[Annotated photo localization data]
=== Section Start ===
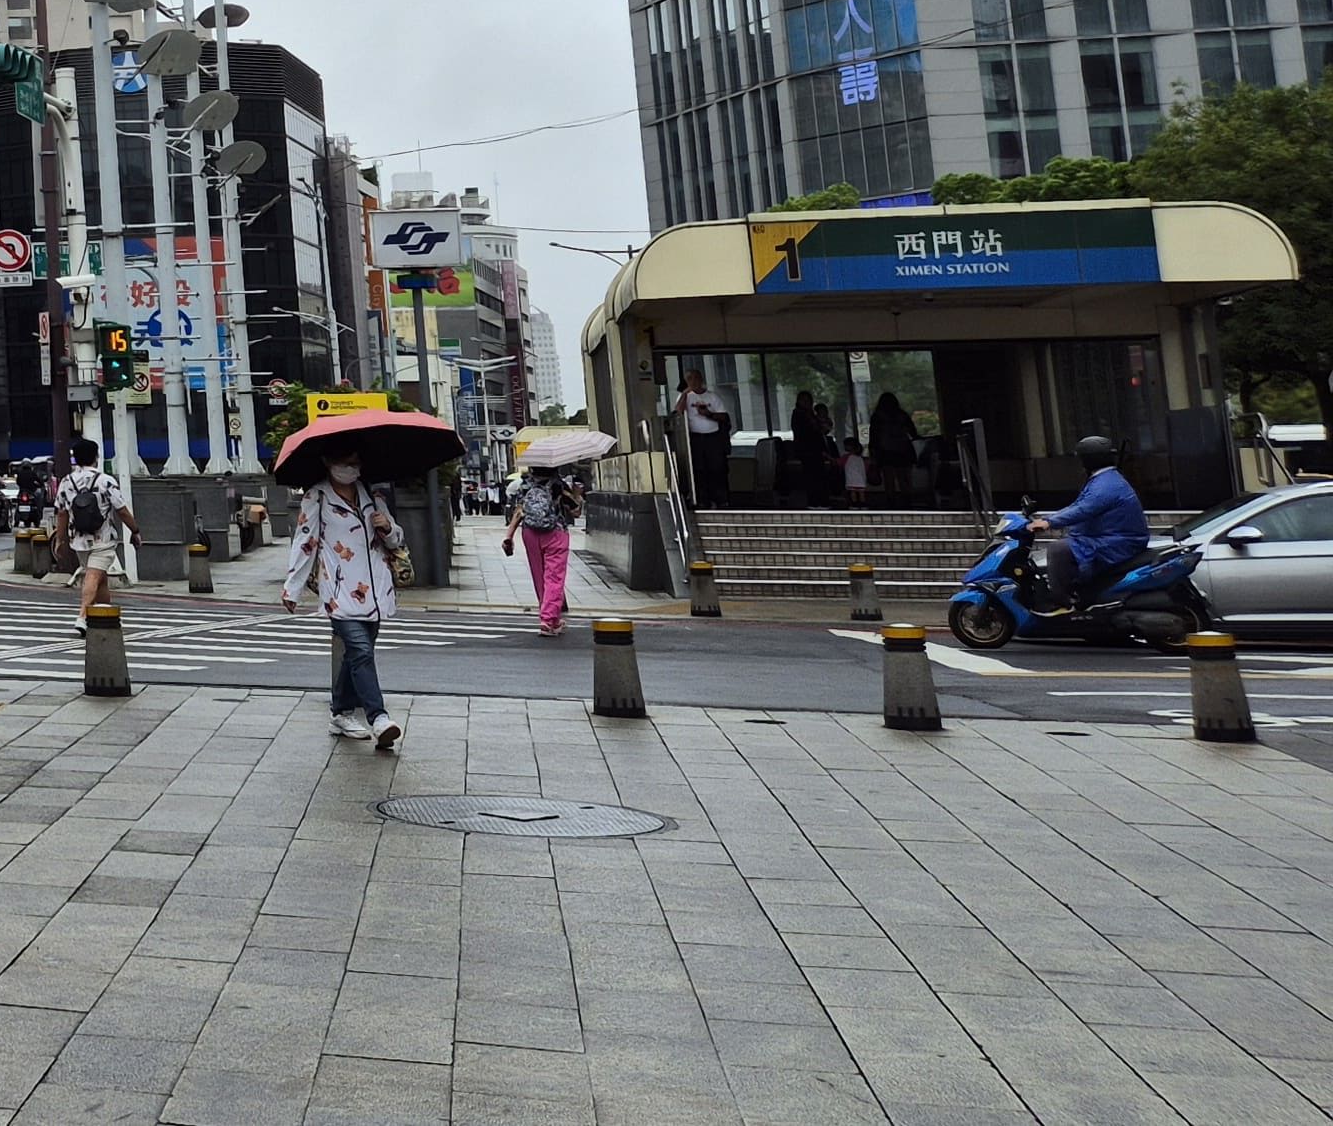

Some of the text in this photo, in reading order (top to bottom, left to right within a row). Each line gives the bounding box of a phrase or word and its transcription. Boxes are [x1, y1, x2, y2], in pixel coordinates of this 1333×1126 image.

[893, 228, 1004, 260] 西門站
[775, 237, 802, 282] 1
[895, 262, 1010, 277] XIMEN STATION
[110, 329, 127, 353] 15
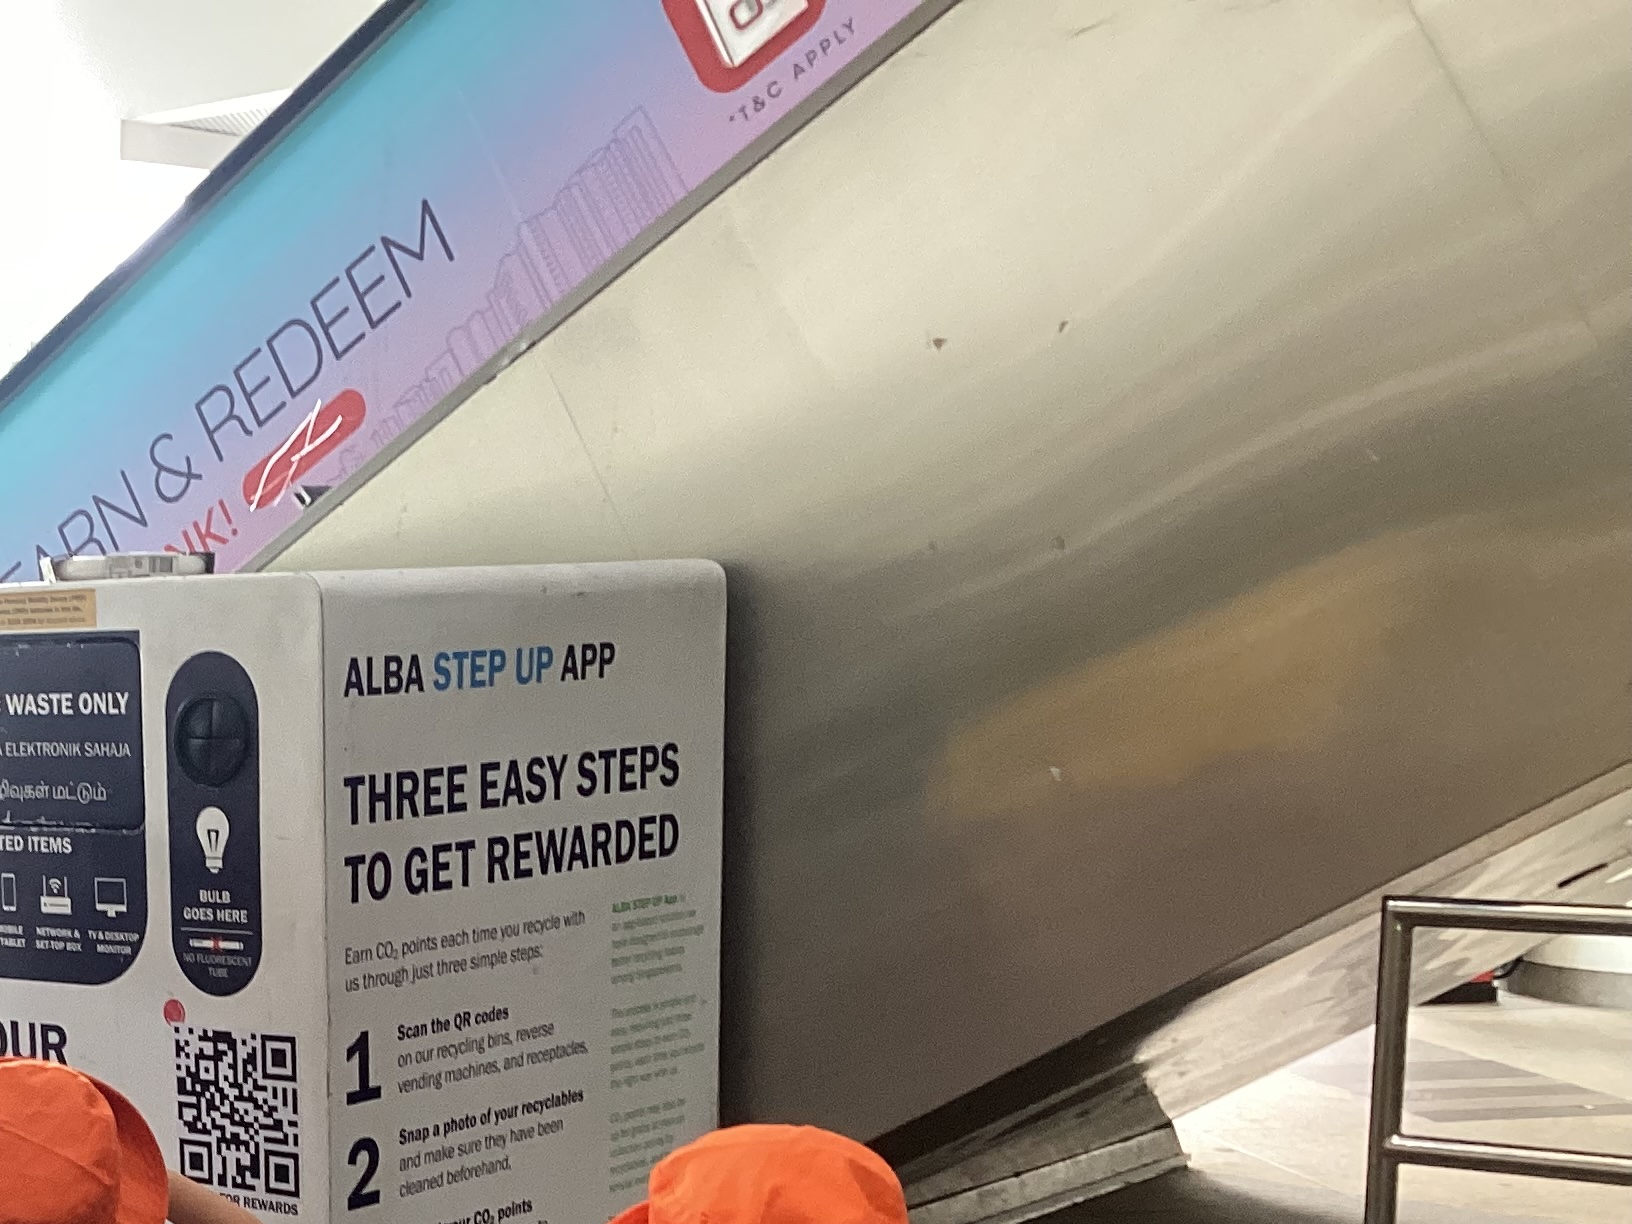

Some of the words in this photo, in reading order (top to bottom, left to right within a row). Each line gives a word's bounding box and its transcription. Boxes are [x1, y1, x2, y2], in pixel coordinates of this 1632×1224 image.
=== Section End ===
### WHAT IS EXPECTED
The answer should consist of all the records, duplicated exactly, with no images included.

### SOLUTION TO THIS PROBLEM
Some of the text in this photo, in reading order (top to bottom, left to right within a row). Each line gives the bounding box of a phrase or word and its transcription. Boxes are [x1, y1, x2, y2], in pixel coordinates of this 1333×1126 image.

[893, 228, 1004, 260] 西門站
[775, 237, 802, 282] 1
[895, 262, 1010, 277] XIMEN STATION
[110, 329, 127, 353] 15

Some of the words in this photo, in reading order (top to bottom, left to right within a row). Each line gives a word's bounding box and its transcription. Boxes are [x1, y1, x2, y2], in pixel coordinates of this 1632×1224 image.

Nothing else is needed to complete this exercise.